Disciplinary Text Set



The group of students I am gearing my text set towards is a middle-school science class starting a unit on microbiology. My students will not have been exposed to this topic in the past, and so my texts will be used to provide some general background info before delving into more detail. Throughout the unit, students would learn information about microbiology which would help them understand material in subsequent texts. Microbes are an integral part of our ecosystem, in terms of both benefits and dangers to humans and our environment. These texts will convey the importance of the study of microbiology as well as instill interest and engagement in the students. A video “What are Microbes”, would be used as a hook to focus the students attention on the subject, and lead into an introductory print text, “The Littlest Organisms”. Following this would be two culturally relevant texts on plastic-eating bacteria and the 5-second rule (for eating food off the floor). Lastly, a print text would introduce the subject of antibiotics, before a video entitled “What Causes Antibiotic Resistance”. Another culturally relevant-text that could engage students in our area would be on the Cryptosporidium outbreak in Milwaukee in the 1990’s.
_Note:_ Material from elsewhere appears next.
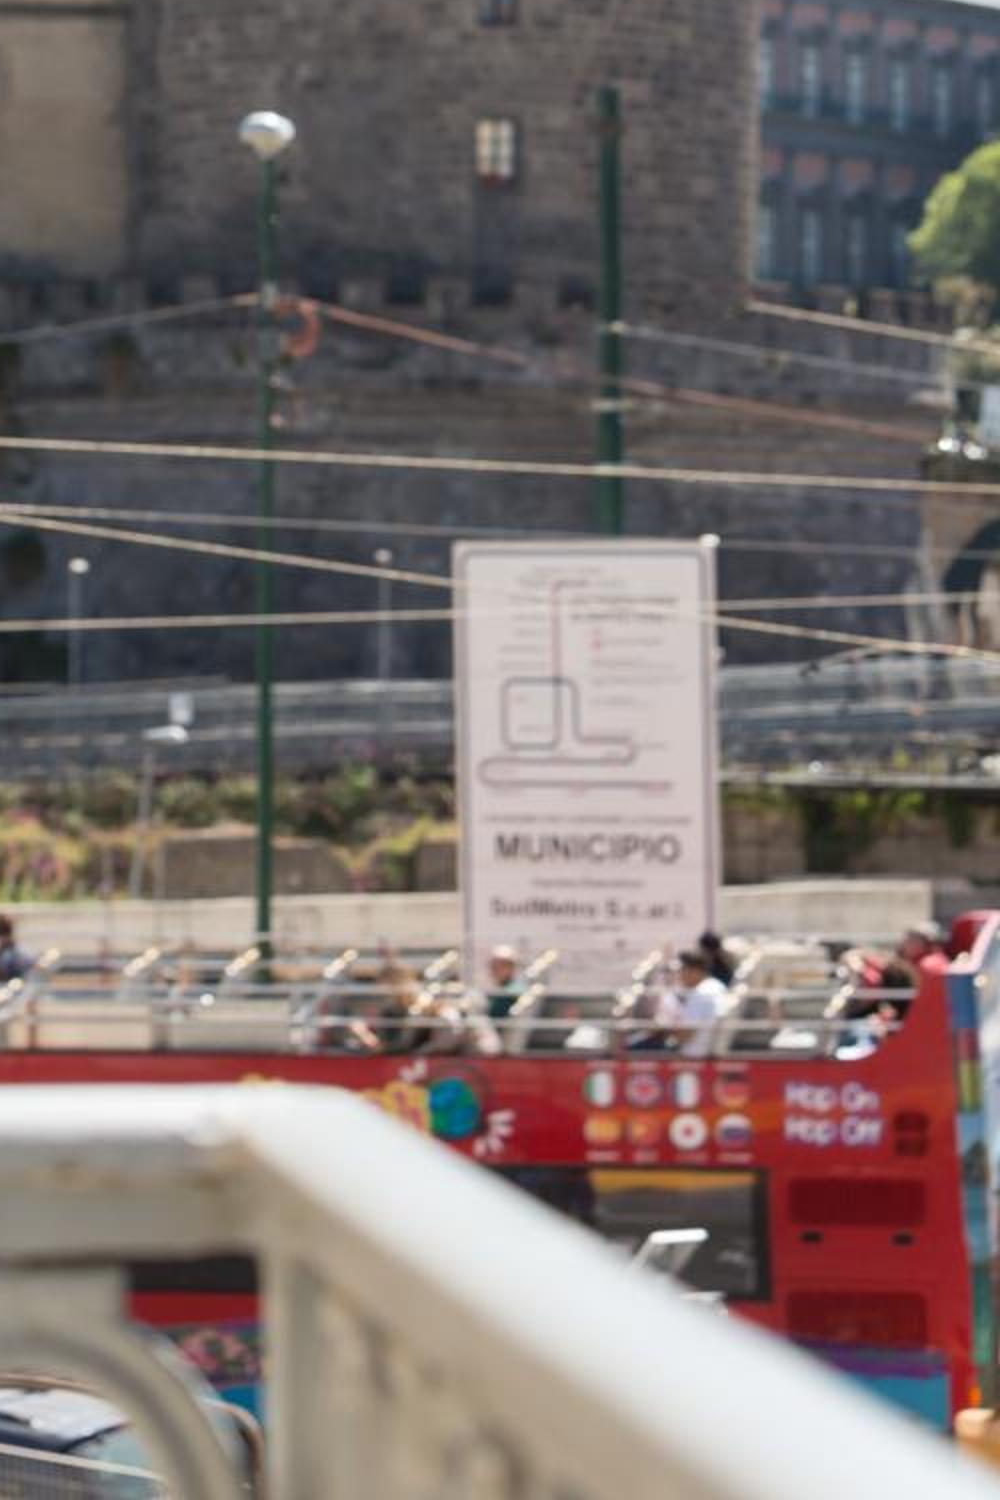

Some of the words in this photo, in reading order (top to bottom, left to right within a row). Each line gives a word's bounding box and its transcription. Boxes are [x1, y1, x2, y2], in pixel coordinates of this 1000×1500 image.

Print Text 1 –  “The Littlest Organisms.” (n.d.). Retrieved July 26, 2017, from http://www.biology4kids.com/files/micro_main.html


The text is an introduction to the field and study of microbiology, and of microbes in particular. It begins with a description of what microbes are and how they were discovered, before moving on to describe several of their characteristics. I have also selected another part of this reading to include with this text, the basics on bacteria. This section describes the basic structure of bacteria, as well as what they look like and what they do. Both sections are introductory in nature and are filled with vocab terms necessary for the study of microbes.

Text Complexity Analysis:

Reading Levels
Flesch-Kincaid Grade Level Grade 4.7
Automated Readability Index Grade 4.8
Coleman-Liau Grade 7.6
Flesch Reading Ease 80.0/100
Gunning fog index Grade 8.1
Laesbarhedsindex (LIX) Formula 29.5 = below school year 5
SMOG Index Grade 8.5
Average grade level Grade 6.7 (mean of above)
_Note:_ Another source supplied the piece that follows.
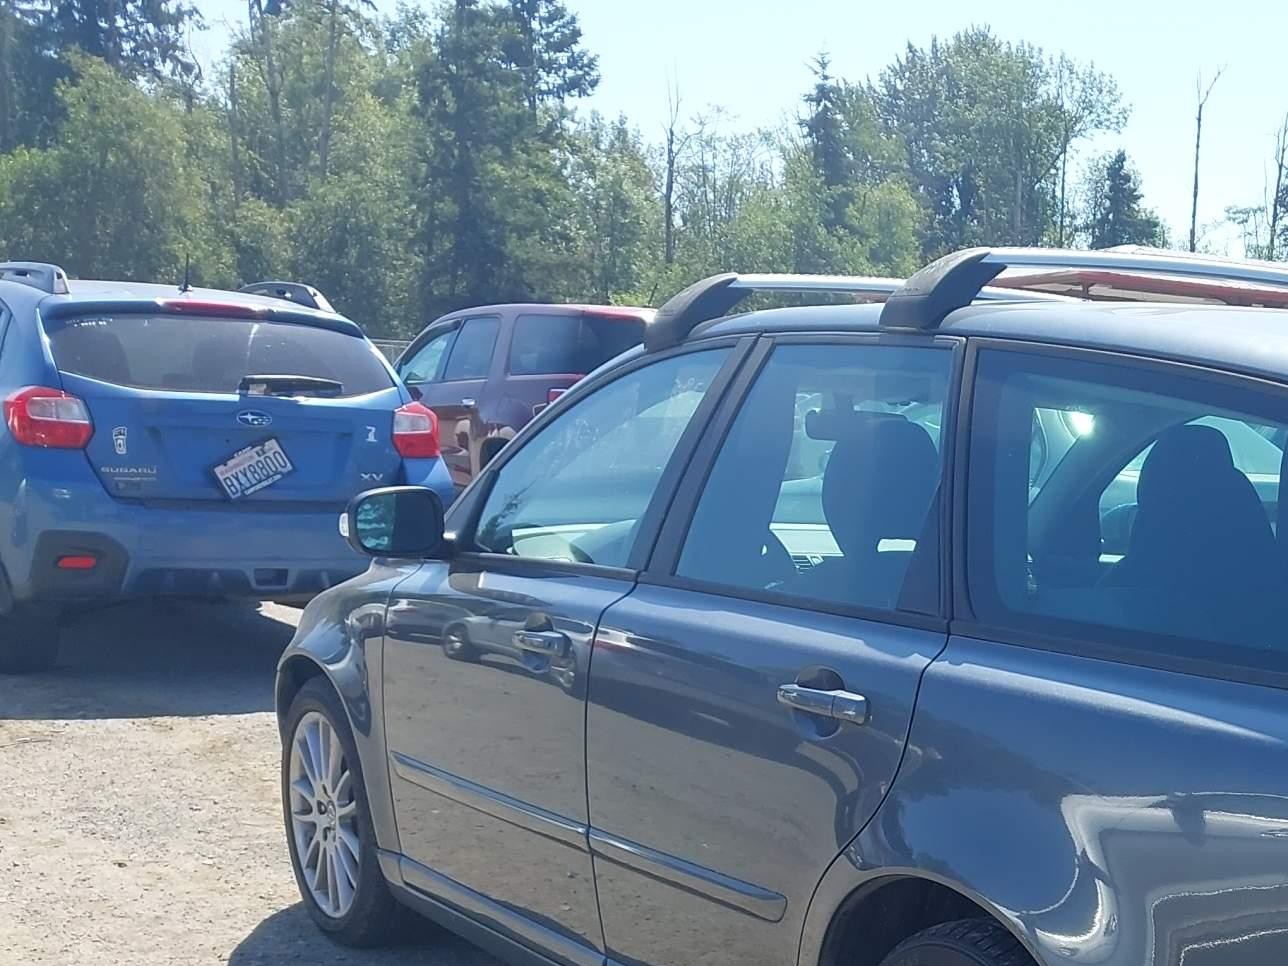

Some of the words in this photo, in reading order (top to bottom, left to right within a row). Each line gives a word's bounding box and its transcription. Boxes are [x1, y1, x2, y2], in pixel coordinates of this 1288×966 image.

[100, 465, 158, 474] SUBARU
[222, 450, 288, 496] BXY8800
[360, 472, 384, 481] XV
Storytoolz gave this reading an average grade level of 6.7, which I feel is just about right as I would place it at a 6-7th grade level. This reading has a clear purpose stated at the beginning and at the top of each section. Additionally, there are several headings directing student thinking. There are a number of vocabulary terms listed in this reading, and while some may be unfamiliar to students, most are defined in the reading, while others offer sufficient context clues. The knowledge demands of this reading are not too significant, the most difficult being the knowledge of some cell structures, which would be learned prior to this unit. Vocabulary terms that may need instructional support include:

  • Microbe
  • Microbiologist
  • Heterotrophic
  • Autotrophic
  • Protozoan
  • Amoeba
  • Nucleoid
  • Ribosomess
  • Cellulose

The purpose of selecting this text it to give students background information on microbes, and on bacteria in particular. This is a rather complex field of study in science, and the lower level of text complexity is a good starting point for the students. This would pair well with a more complex task, such as a lab where students must find the “patient zero” of a spreadable disease. Students would “spread” the disease by pouring water into each others’ cups, some contaminated with a chemical to be tested for. Working backwards from who shared with who, they could determine the originator. This reading will serve two purposes. One is to introduce them to new terms and concepts. The other would be to activate prior knowledge on the study of cell structures, energy consumption and reproduction.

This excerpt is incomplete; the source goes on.